----- DATASET EXCERPTS -----

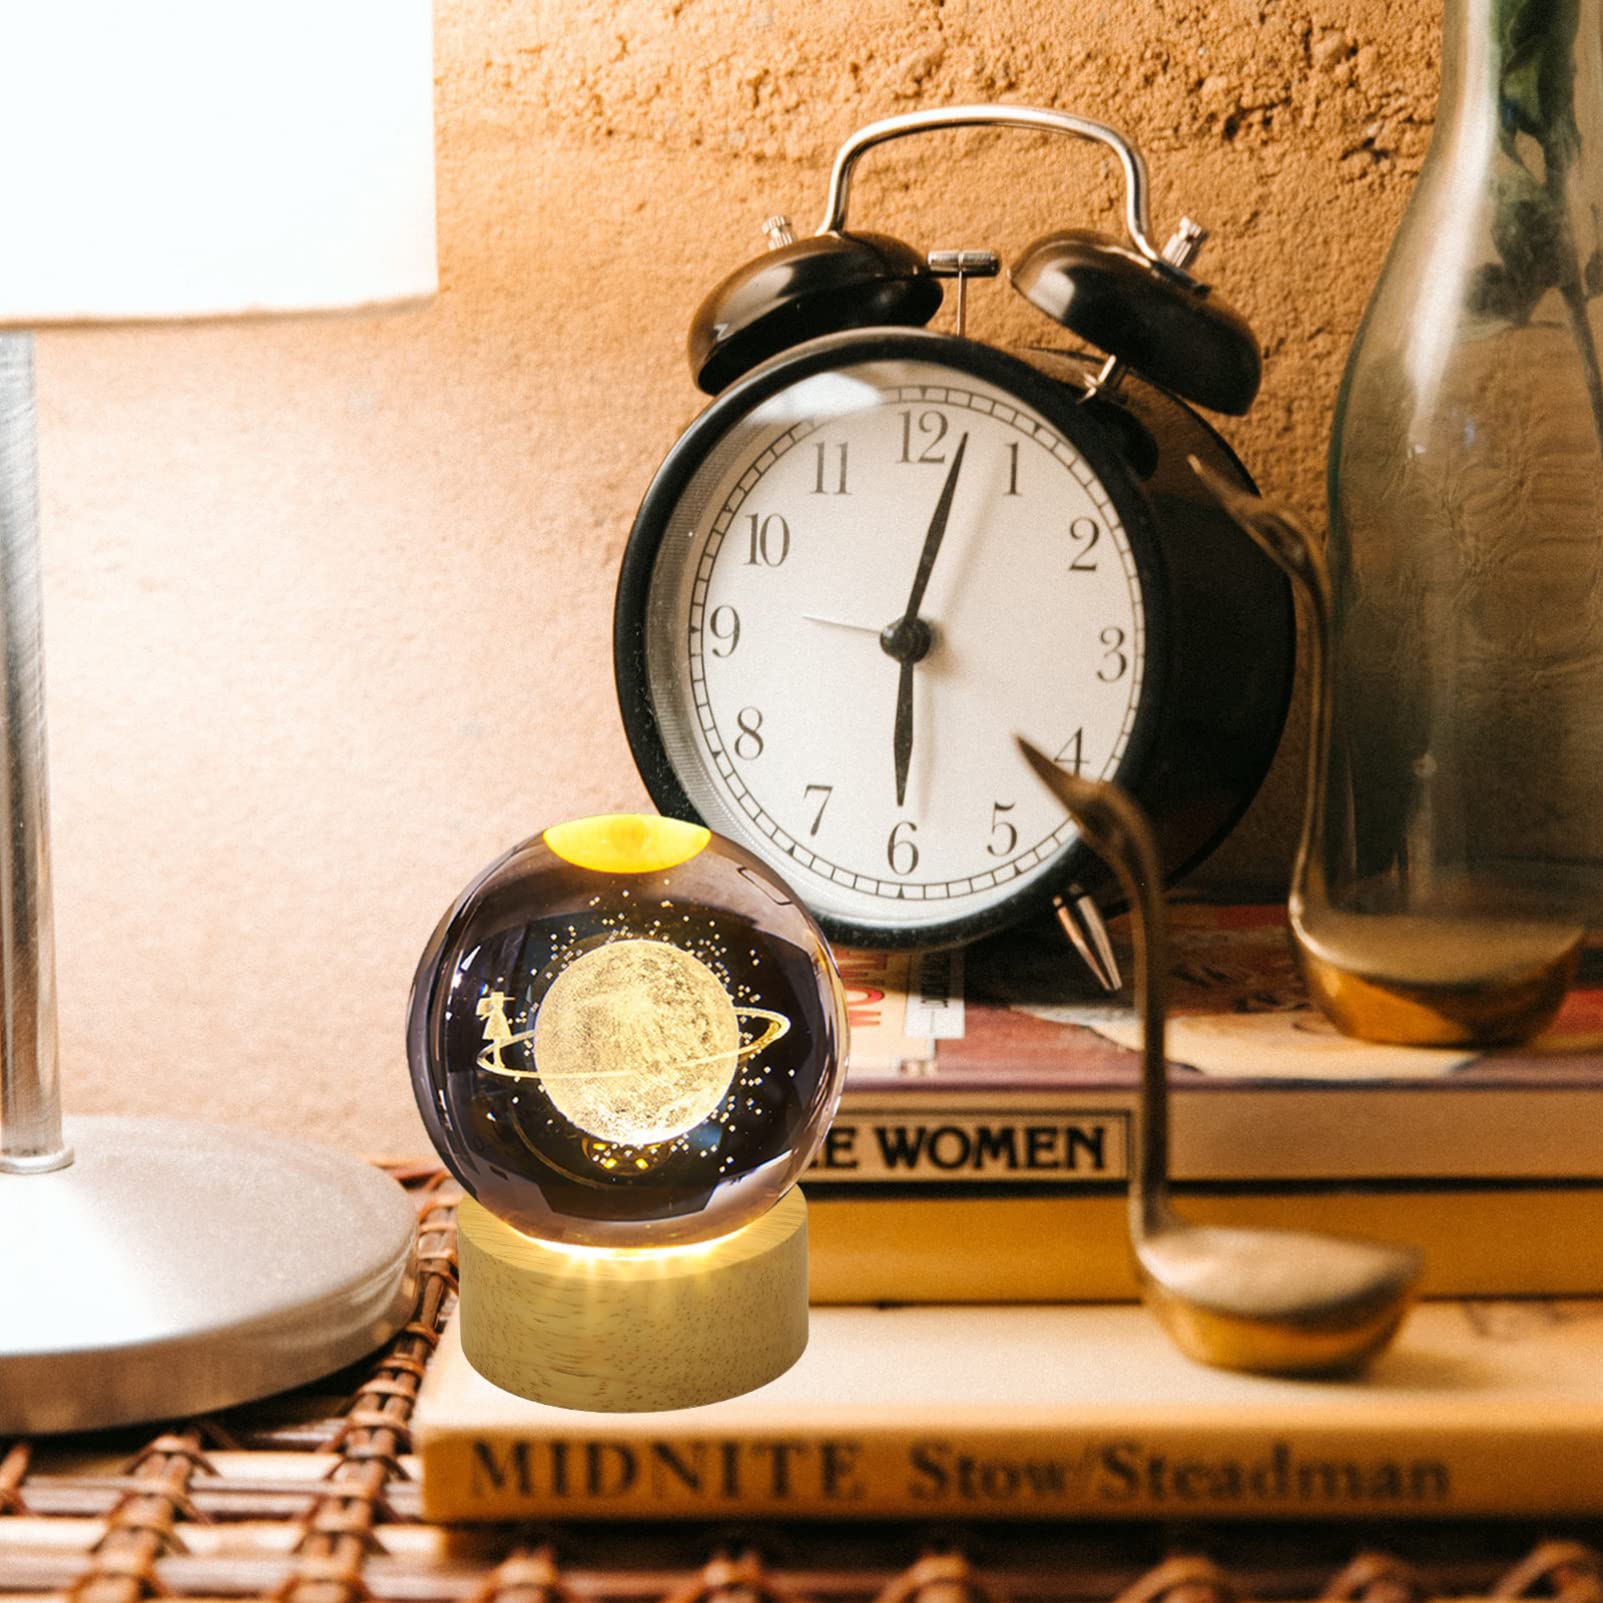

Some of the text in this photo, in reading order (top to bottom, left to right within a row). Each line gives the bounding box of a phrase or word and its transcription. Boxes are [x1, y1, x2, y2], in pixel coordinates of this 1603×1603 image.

[896, 409, 949, 465] 12
[810, 440, 854, 496] 11
[1003, 441, 1025, 497] 1
[743, 512, 791, 568] 10
[1068, 516, 1101, 573] 2
[709, 604, 741, 658] 9
[1096, 626, 1128, 683] 3
[733, 706, 765, 761] 8
[1053, 727, 1090, 782] 4
[802, 784, 834, 837] 7
[986, 801, 1019, 857] 5
[886, 820, 920, 877] 6
[874, 1125, 1106, 1171] WOMEN
[470, 1439, 866, 1500] MIDNITE
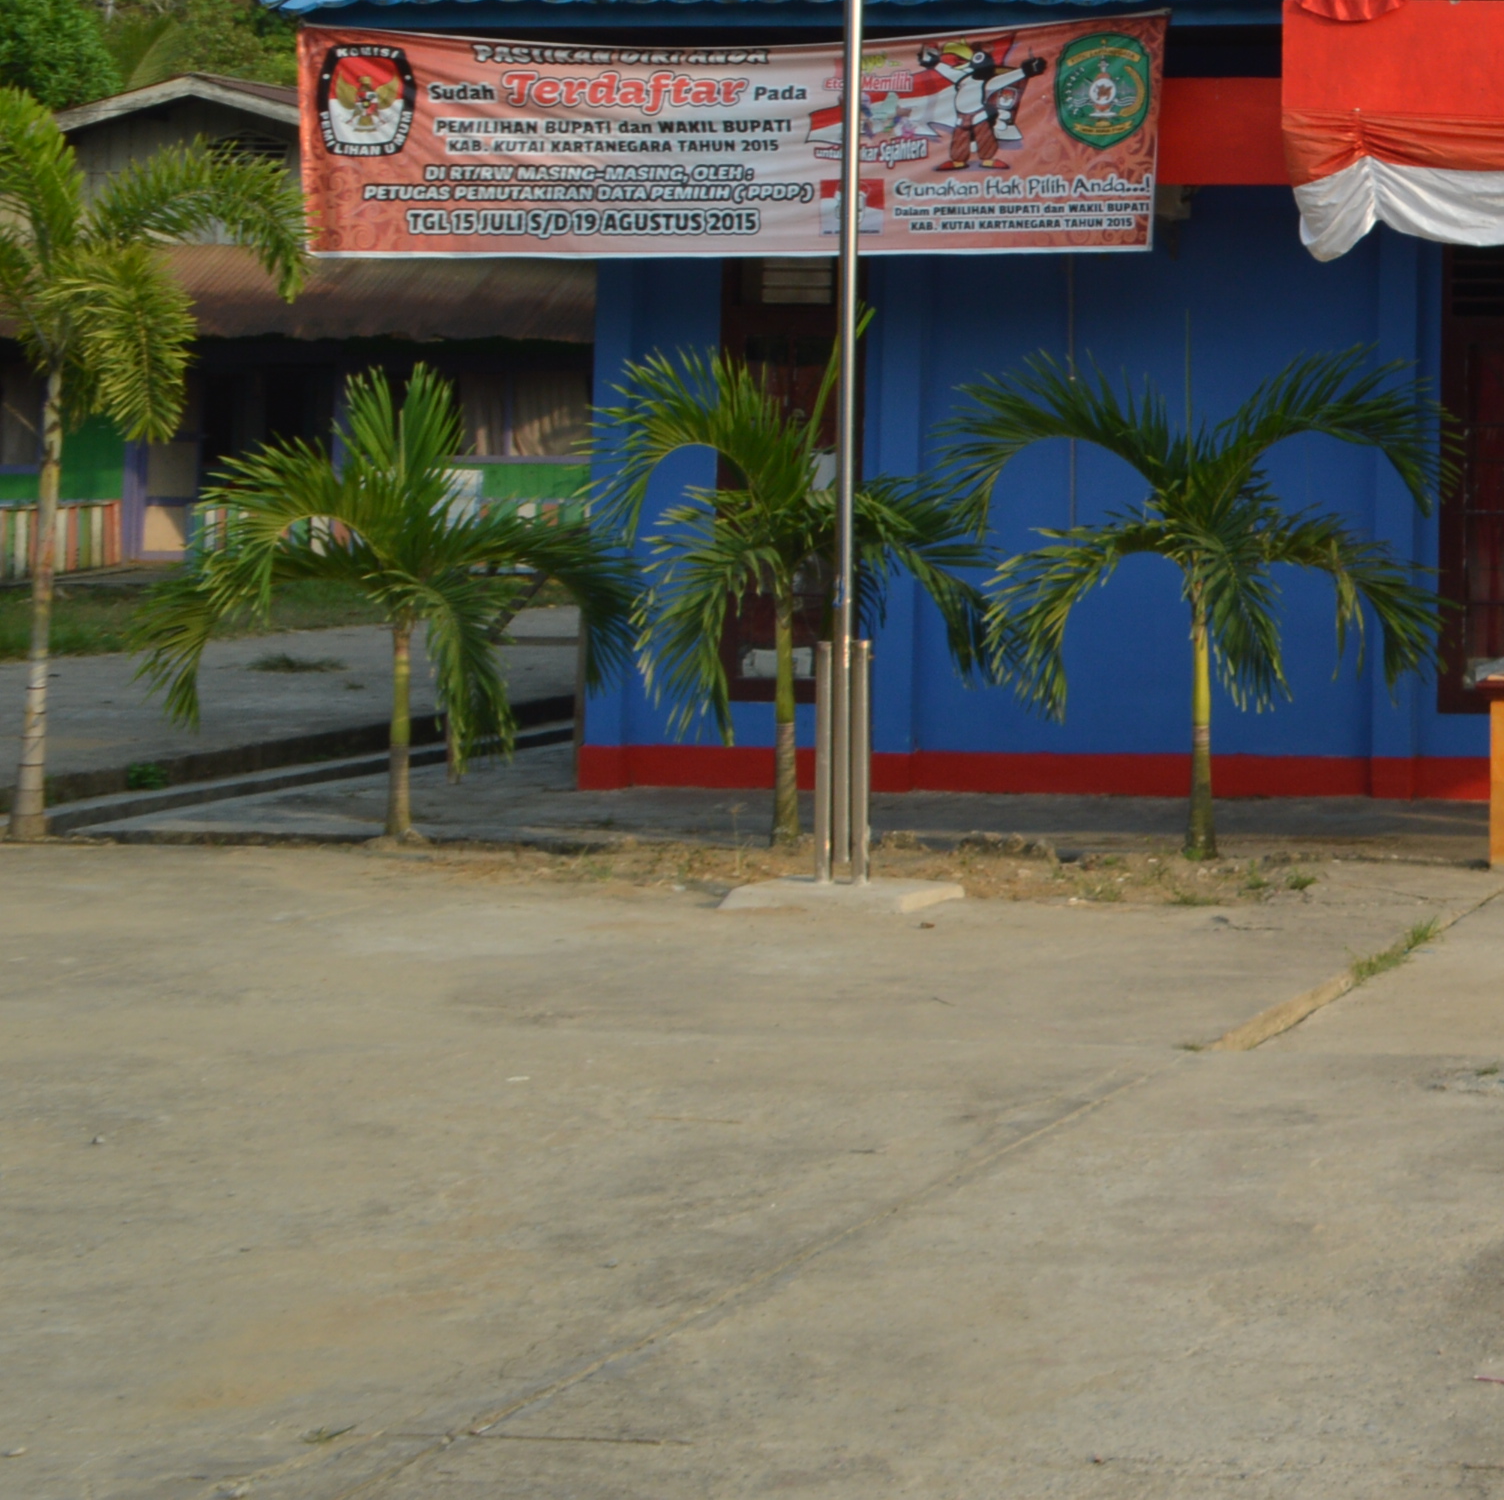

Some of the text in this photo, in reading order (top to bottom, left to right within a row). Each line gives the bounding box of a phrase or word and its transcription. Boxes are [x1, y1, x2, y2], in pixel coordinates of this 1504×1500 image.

[336, 47, 400, 59] KOMISI
[861, 71, 913, 91] Memilih
[430, 70, 807, 116] Sudah Terdaftar Pada
[436, 119, 791, 134] PEMILIHAN BUPATI dan WAKIL BUPATI
[449, 139, 779, 152] KAB. KUTAI KARTANEGARA TAHUN 2015
[815, 146, 844, 159] untu
[880, 138, 928, 167] Sejahtera
[424, 164, 445, 181] DI
[450, 164, 514, 181] RT/RW
[364, 184, 450, 201] PETUGAS
[454, 184, 593, 201] PEMUTAKIRAN
[597, 184, 648, 201] DATA
[650, 184, 732, 201] PEMILIH
[895, 179, 979, 197] Gunakan
[985, 177, 1021, 195] Hak
[1028, 177, 1066, 195] Pilih
[895, 202, 1150, 216] Dalam PEMILIHAN BUPATI dan WAKIL BUPATI
[408, 211, 758, 236] TGL 15 JULI S/D 19 AGUSTUS 2015
[911, 217, 1132, 231] KAB. KUTAI KARTANEGARA TAHUN 2015

-----

# AIM OF THE TASK
Please retype the listing in full, exactly as given, and skip every image.

# ANSWER SPACE
Some of the text in this photo, in reading order (top to bottom, left to right within a row). Each line gives the bounding box of a phrase or word and its transcription. Boxes are [x1, y1, x2, y2], in pixel coordinates of this 1603×1603 image.

[896, 409, 949, 465] 12
[810, 440, 854, 496] 11
[1003, 441, 1025, 497] 1
[743, 512, 791, 568] 10
[1068, 516, 1101, 573] 2
[709, 604, 741, 658] 9
[1096, 626, 1128, 683] 3
[733, 706, 765, 761] 8
[1053, 727, 1090, 782] 4
[802, 784, 834, 837] 7
[986, 801, 1019, 857] 5
[886, 820, 920, 877] 6
[874, 1125, 1106, 1171] WOMEN
[470, 1439, 866, 1500] MIDNITE

Some of the text in this photo, in reading order (top to bottom, left to right within a row). Each line gives the bounding box of a phrase or word and its transcription. Boxes are [x1, y1, x2, y2], in pixel coordinates of this 1504×1500 image.

[336, 47, 400, 59] KOMISI
[861, 71, 913, 91] Memilih
[430, 70, 807, 116] Sudah Terdaftar Pada
[436, 119, 791, 134] PEMILIHAN BUPATI dan WAKIL BUPATI
[449, 139, 779, 152] KAB. KUTAI KARTANEGARA TAHUN 2015
[815, 146, 844, 159] untu
[880, 138, 928, 167] Sejahtera
[424, 164, 445, 181] DI
[450, 164, 514, 181] RT/RW
[364, 184, 450, 201] PETUGAS
[454, 184, 593, 201] PEMUTAKIRAN
[597, 184, 648, 201] DATA
[650, 184, 732, 201] PEMILIH
[895, 179, 979, 197] Gunakan
[985, 177, 1021, 195] Hak
[1028, 177, 1066, 195] Pilih
[895, 202, 1150, 216] Dalam PEMILIHAN BUPATI dan WAKIL BUPATI
[408, 211, 758, 236] TGL 15 JULI S/D 19 AGUSTUS 2015
[911, 217, 1132, 231] KAB. KUTAI KARTANEGARA TAHUN 2015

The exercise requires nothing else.